» **WHAT YOU HAVE TO DO**: Pictures do not belong in the copy; quote every entry below exactly.

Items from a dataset
··········
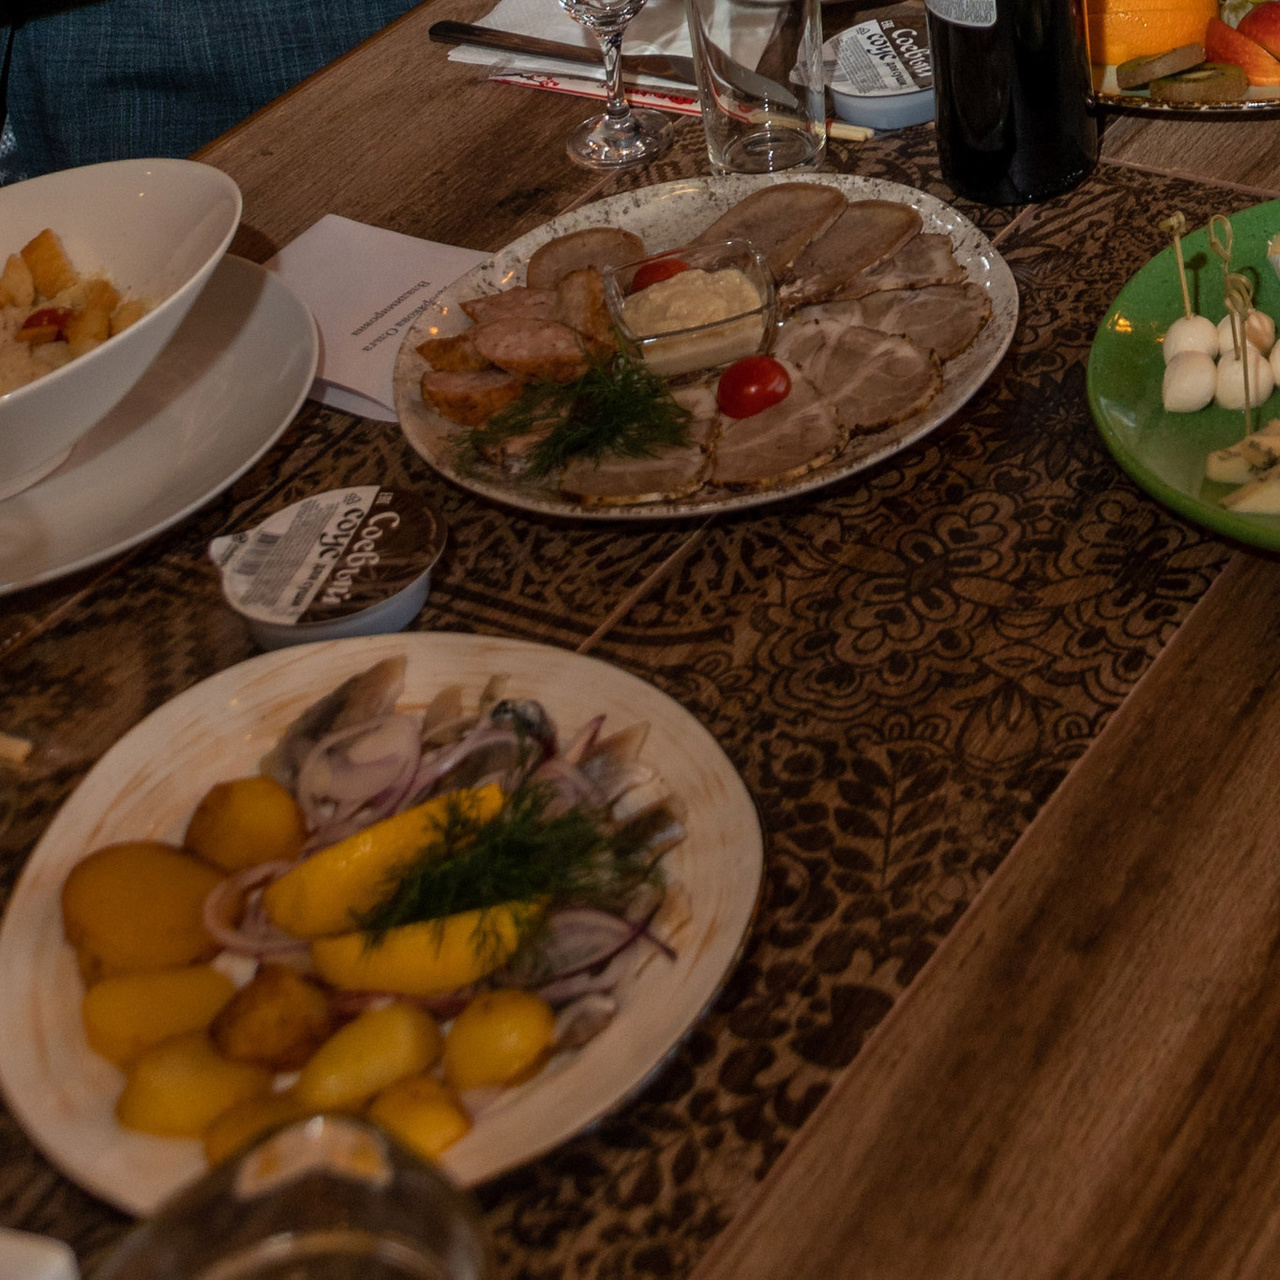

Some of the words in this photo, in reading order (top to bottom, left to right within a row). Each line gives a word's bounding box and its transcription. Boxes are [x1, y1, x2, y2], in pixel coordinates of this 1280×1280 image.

[866, 33, 898, 61] соус
[351, 280, 431, 337] Владимировна
[362, 327, 399, 352] Ольга
[319, 507, 365, 560] соус
[322, 511, 400, 604] Соевый
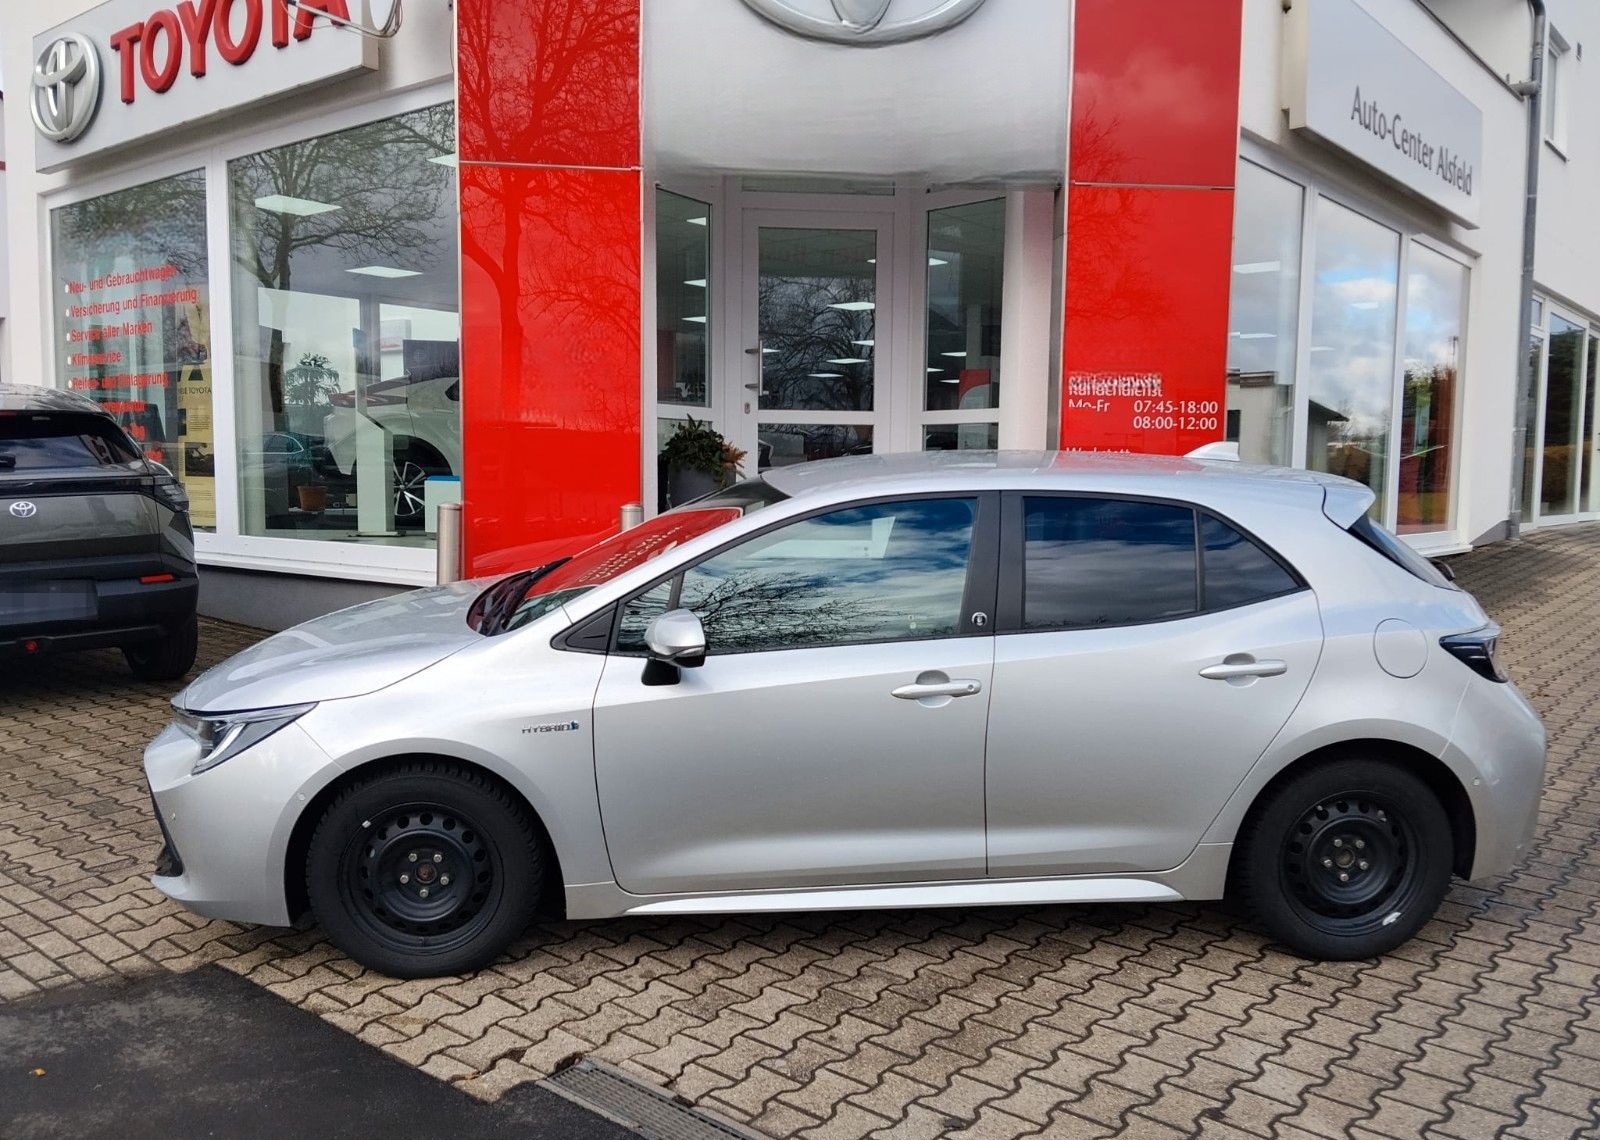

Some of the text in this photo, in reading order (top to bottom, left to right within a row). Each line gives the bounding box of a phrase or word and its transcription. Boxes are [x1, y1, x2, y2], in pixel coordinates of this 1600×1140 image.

[1351, 85, 1473, 197] Auto-Center Alsfeld
[89, 277, 104, 289] und
[71, 300, 121, 318] Versicherung
[123, 296, 138, 310] und
[104, 325, 120, 338] aller
[123, 321, 153, 336] Marken
[72, 350, 122, 366] Klimvice
[1133, 400, 1218, 414] 07:45-18:00
[1133, 416, 1218, 430] 08:00-12:00
[521, 721, 571, 735] HYBRID
··········
» **RESULT**:
Some of the words in this photo, in reading order (top to bottom, left to right within a row). Each line gives a word's bounding box and its transcription. Boxes are [x1, y1, x2, y2], in pixel coordinates of this 1280×1280 image.

[866, 33, 898, 61] соус
[351, 280, 431, 337] Владимировна
[362, 327, 399, 352] Ольга
[319, 507, 365, 560] соус
[322, 511, 400, 604] Соевый

Some of the text in this photo, in reading order (top to bottom, left to right within a row). Each line gives the bounding box of a phrase or word and its transcription. Boxes are [x1, y1, x2, y2], in pixel coordinates of this 1600×1140 image.

[1351, 85, 1473, 197] Auto-Center Alsfeld
[89, 277, 104, 289] und
[71, 300, 121, 318] Versicherung
[123, 296, 138, 310] und
[104, 325, 120, 338] aller
[123, 321, 153, 336] Marken
[72, 350, 122, 366] Klimvice
[1133, 400, 1218, 414] 07:45-18:00
[1133, 416, 1218, 430] 08:00-12:00
[521, 721, 571, 735] HYBRID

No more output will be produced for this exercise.